Studies have also begun assessing GAI’s ability to assist in disease diagnosis and treatment decisions.⁶ If trained properly, there is potential to form complex and comprehensive differential diagnoses and recommend evidence-based treatment decisions, complementing well-known resources like UpToDate. Of course, a well-documented limitation of emerging LLMs is that they are only as sophisticated as the content trained on (ie, garbage in, garbage out). In response, companies like Google have developed specialized LLMs like MedPALM 2 that are trained specifically on credible and up-to-date medical literature—unlike ChatGPT, which collates information from the internet not accounting for credibility of sources. As these models become more accurate and less prone to artificial hallucination, their usefulness in clinical settings will continue to increase.
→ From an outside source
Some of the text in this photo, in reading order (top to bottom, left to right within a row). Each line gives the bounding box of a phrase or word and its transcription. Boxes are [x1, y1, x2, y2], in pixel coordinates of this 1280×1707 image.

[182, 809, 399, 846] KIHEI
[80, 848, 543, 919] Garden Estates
Until recently, the lack of AI integration with and access to electronic medical record information has been a limitation, but this is already changing. With integration into the electronic medical record,⁷ AI can be utilized to generate individualized follow-up reminders to patients, summarizing their clinical course and emphasizing the significance of adhering to their unique disease management plan. Furthermore, studies show that incorporating AI can bolster medication adherence by automatically generating a tailored medication schedule that minimizes drug interactions, aids with pill count, and provides clear explanations for the relevance of each medication to the patient.⁸ Moreover, AI has the potential to streamline appointment scheduling, reducing conflicts and ensuring adherence to long-term surveillance protocols, ultimately improving the continuity of care.⁹ As AI becomes increasingly integrated into health care, it is critical that patient information and HIPAA compliance remain at the forefront with strict data encryption, storage, and transmission policies. Patients interacting with AI should be informed on how their data will be collected and used, and explicit consent should be obtained.
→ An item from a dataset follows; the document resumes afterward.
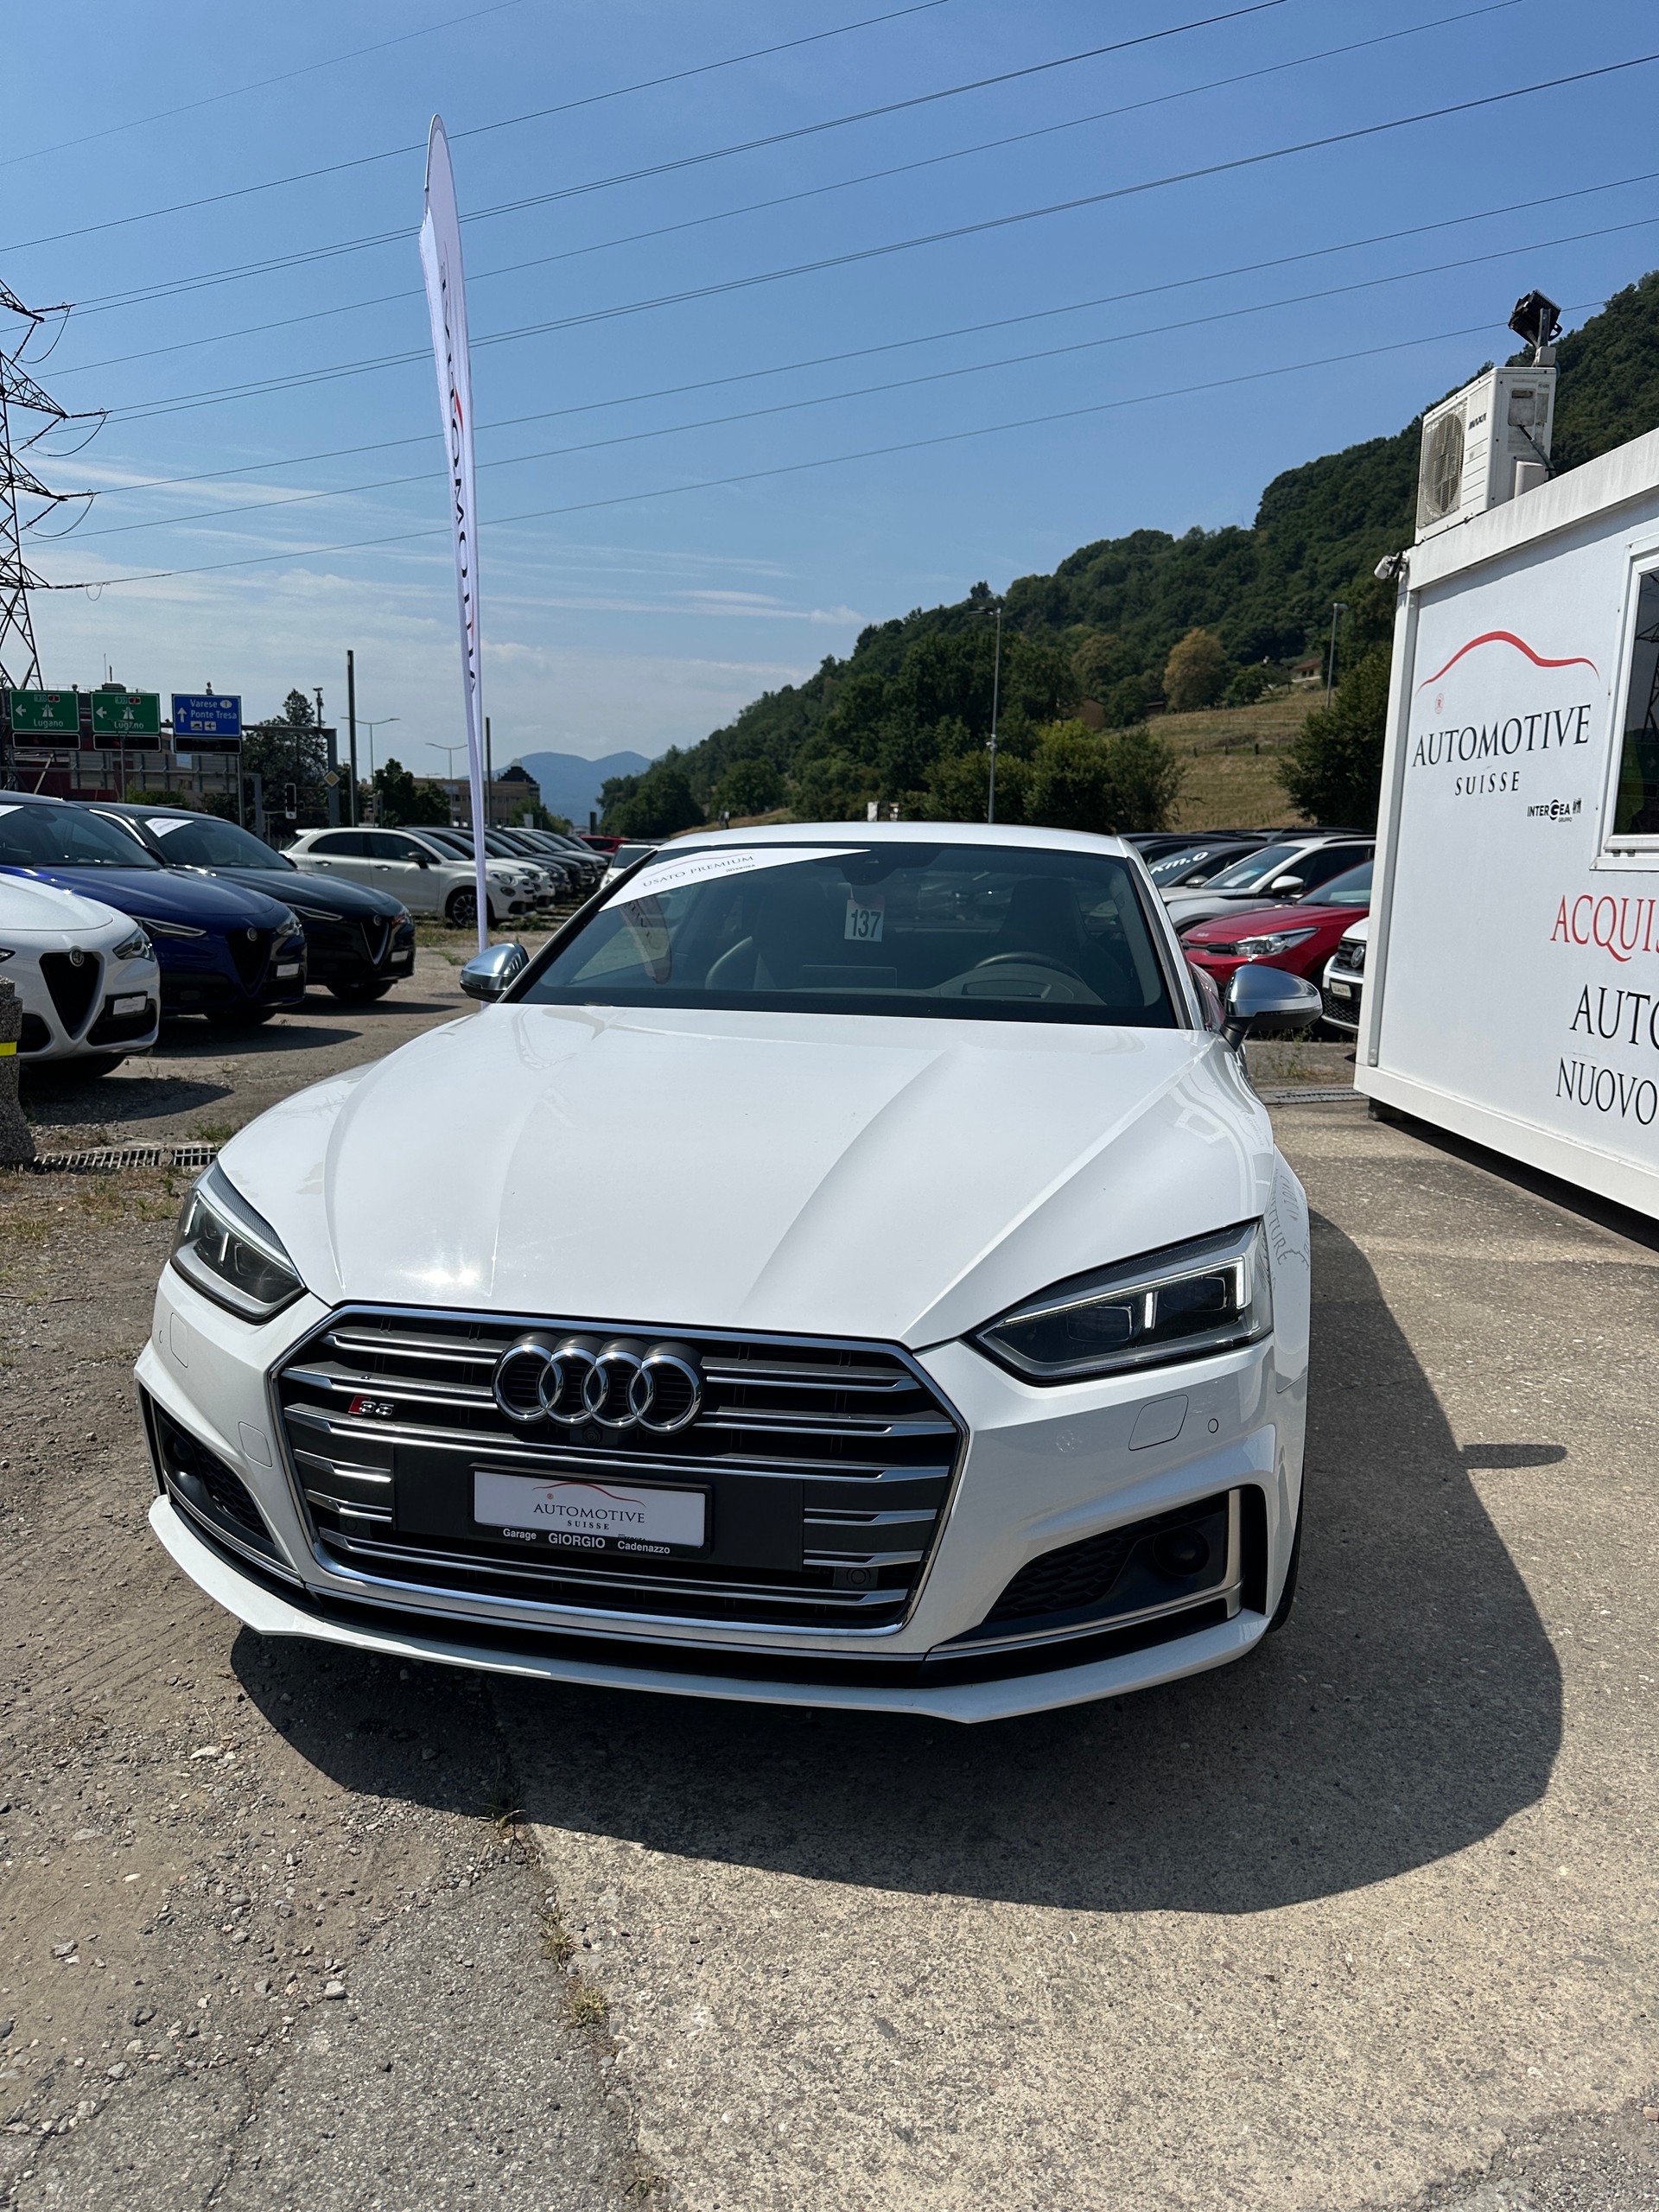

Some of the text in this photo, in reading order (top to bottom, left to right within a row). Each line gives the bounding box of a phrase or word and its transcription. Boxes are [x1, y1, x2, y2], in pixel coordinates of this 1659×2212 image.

AI will not only be used to help patients but will also help urologists in both the clinic and hospital settings. Writing outpatient notes can be time-consuming for urologists, but as speech-to-text AI applications advance, there is promise that AI systems will be able to transcribe patient-urologist conversations accurately and succinctly. Less time documenting means more time allotted to providing direct patient care. In the hospital setting, discharge summaries are often plagued by incompleteness and minor inaccuracies in the hospital course. However, an AI model with access to inpatient information could generate a comprehensive and precise discharge summary with details about the procedure indication, perioperative course, and follow-up plan.¹⁰ Additionally, discharge summaries could be modified into personalized discharge letters for patients, composed in easily understandable, nonmedical language, effectively narrating their hospital stay and providing clear postoperative instructions pertaining to medications, physical/occupational therapy, and follow-up appointments. Furthermore, as AI-driven language translation improves, these bespoke discharge letters would be immediately available to patients in their preferred language, improving health equity in regions with diverse ethnic backgrounds.
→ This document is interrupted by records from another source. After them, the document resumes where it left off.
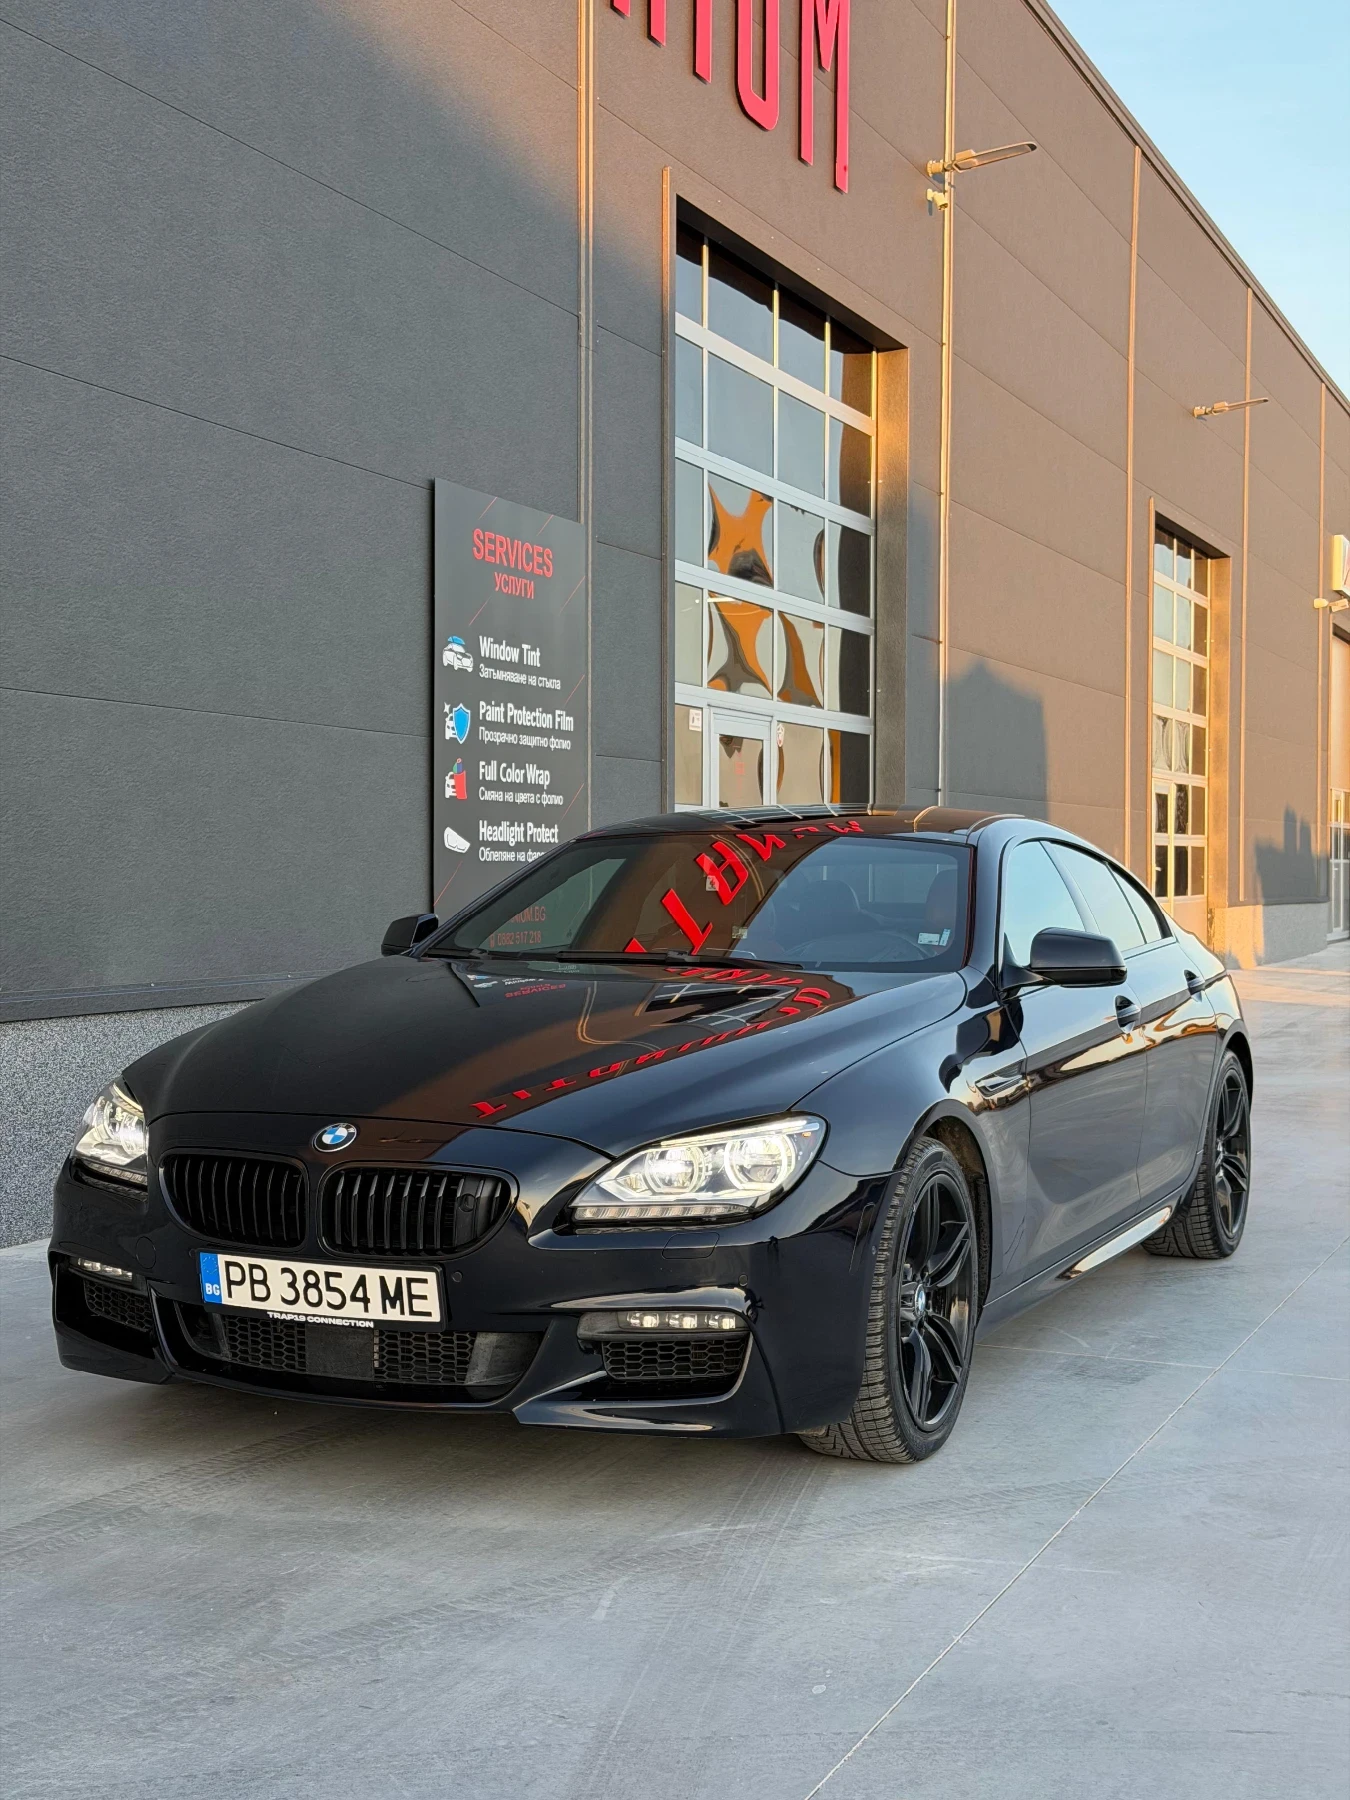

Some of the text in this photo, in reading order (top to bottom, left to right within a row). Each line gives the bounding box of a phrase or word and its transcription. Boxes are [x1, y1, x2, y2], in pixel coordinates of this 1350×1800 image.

[472, 528, 553, 578] SERVICES
[494, 572, 535, 600] УСЛУГИ
[479, 635, 541, 668] Window Tint
[479, 663, 561, 690] Затъмняване на стъкла
[479, 701, 574, 732] Paint Protection Film
[479, 727, 571, 750] Прозрачно защитно фолио
[479, 761, 550, 789] Full Color Wrap
[479, 786, 503, 802] Смяна
[504, 792, 514, 803] на
[514, 792, 535, 805] цвета
[541, 791, 564, 807] фолио
[479, 820, 559, 846] Headlight Protect
[479, 846, 516, 862] Облепяне
[516, 851, 526, 862] на
[205, 1283, 220, 1296] BG
[224, 1260, 433, 1318] PB 3854 ME
[306, 1315, 374, 1328] CONNECTION
Certainly, AI will never be able to understand all the nuances of the human-to-human urologist-patient relationship, but perhaps AI can be used to strengthen this relationship. By addressing patient comprehension and understanding of urologic disease, increasing the patient’s accessibility to and satisfaction with high-quality urologic care, and enhancing patient-urologist communication and face-to-face time, AI can and will be used to bridge the gap between patients and urologists.